Not that new lessons in course maintenance can’t be learned.
“Around eight years ago, we had a dry spell with no rain, and we were watering morning, noon and night, and it made no difference,” Keane adds. “So, this year, what we decided to do was hand water the fairways with mobile sprinklers on a roving basis, and we kept the moisture level around 8 to 10 percent on the surface. So, when it does rain, it will recover quickly.”
Provincial knowledge of weather patterns, including the region’s high winds in April and May, followed by high tides in January and February, are key to the course watchmen. “Our head greenskeeper on the Old Course, Brian McDonagh, is from this locality so he has a good idea (of what’s going to happen with the weather),” Keane says. “A lot of it is local knowledge.”
As the mist finds couples with a wind gust, the filled Lahinch tee sheet sees players teeing off like turnstiles. Inclement conditions are all part of the Irish experience.
“For most of our North American market, when they come here and there’s a 50 mile an hour wind and the rain is sideways – when our local members wouldn’t dream of playing – the visitors, they love it,” Keane says. “They don’t get that experience at home. Most people are on holiday; they’re here for the experience and here for the fun. And they’re particularly here for the 19th, for afterwards – to go get something for dinner, have a few pints, talk about the rounds and engage with our locals.”
Further charm of locality flows like a properly poured Guinness at inviting Dooks Golf Club in County Kerry, home to classic links play since 1889. Bone dry in the ’18 summer, the fast and firm fairways play off the cosmetics of the comely Dingle Bay setting.
Owned by its members, one can also taste the provincialism at Dooks. It’s one of those special places where the flavor of rounds long bygone seem to float through the salty breeze.
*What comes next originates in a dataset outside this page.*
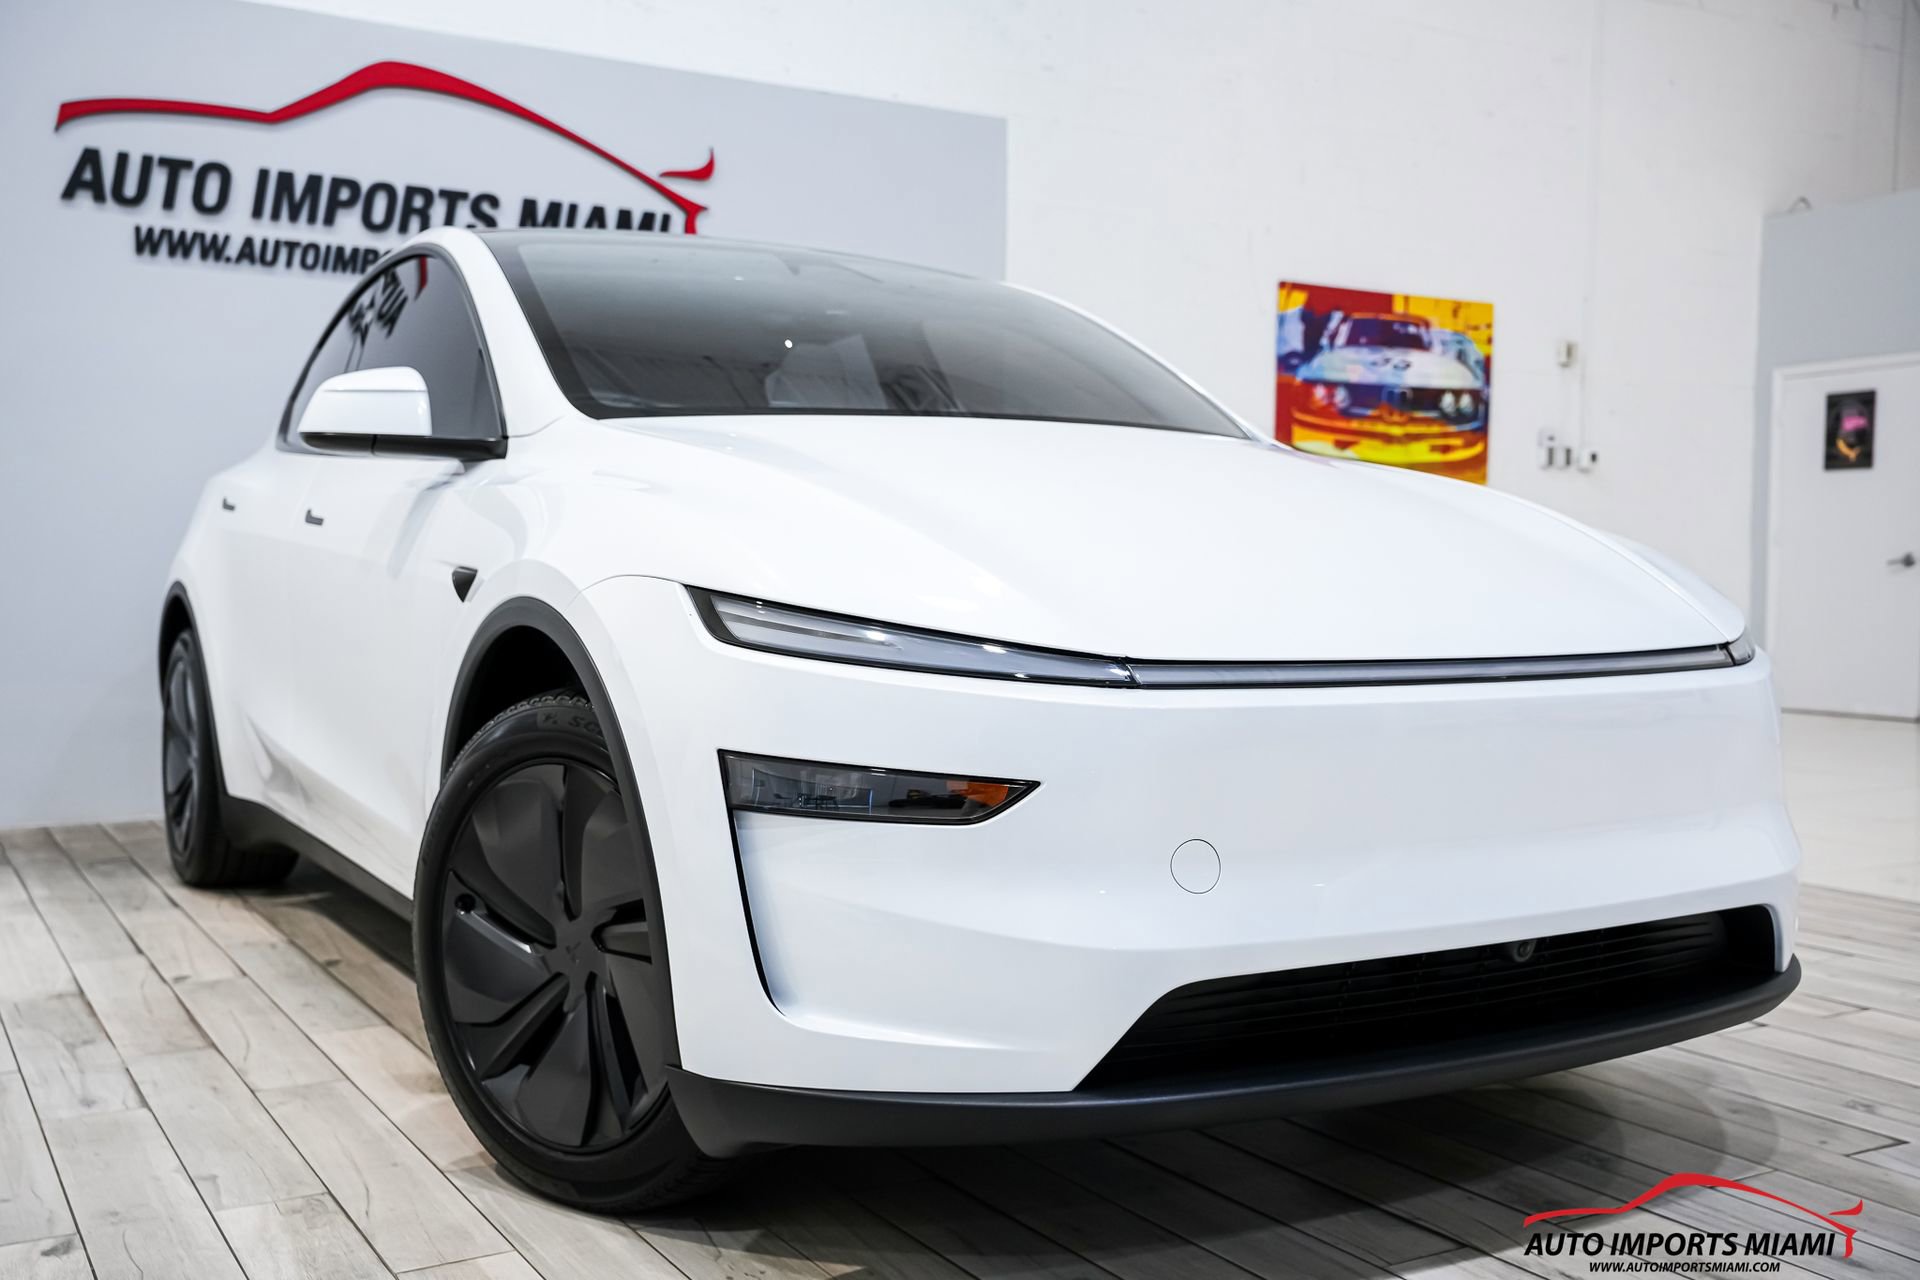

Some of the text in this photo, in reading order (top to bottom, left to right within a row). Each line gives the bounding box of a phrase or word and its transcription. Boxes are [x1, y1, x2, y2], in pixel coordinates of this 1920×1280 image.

“We’re all about being a real, links course,” says John Foley, general manager at Dooks, his accent deep and energetic. “It’s probably the most natural, oldest-style links you’ll play. It’s a small bit of property, the greens are small, and we have little pot bunkers – it’s a throwback to the old time.”
Such throwback is of theatrical proportions.
In the late 1960s, the course was saved by members from a takeover by absentee owners in what became the nationally-known “Save Dooks” campaign as course popularity grew and Dooks’ brass recognized a need to augment from its original nine-hole layout, members got creative with finding turf to build a back nine, sometimes bringing in sod from their own home yards.
The turf’s progeny plays on to modern day. “No ryegrass, no nothing; it is complete fescue, top-to-bottom,” Foley says of Dooks’ greens.
And of the fairways, Foley scoffs at the idea of bringing in ryegrass to assist with sturdiness. “We don’t want to go down that road,” he says smiling. And he’s content to let nature take its course on landing areas. “To tell you the truth, if you played golf in Ireland for 20 straight days, you wouldn’t be able to tell which courses irrigate fairways and which courses don’t,” he adds.
Provincial pride in tending only enhances Dooks’ character. “Our man is a wizard out there,” Foley of his superintendent. “He’ll be out here at 10 o’clock at night. It’s a labor of love for him and he takes so much pride in this course.”
Such pride is well-evident across this nation, complimented by the personality and pints of its people. On and off-course, the Irish present a welcoming wit and word. It was County Dublin-born Samuel Beckett who wrote:
Ever tried. Ever failed. No matter. Try Again. Fail again. Fail better.
And, of course, he too was a golfer.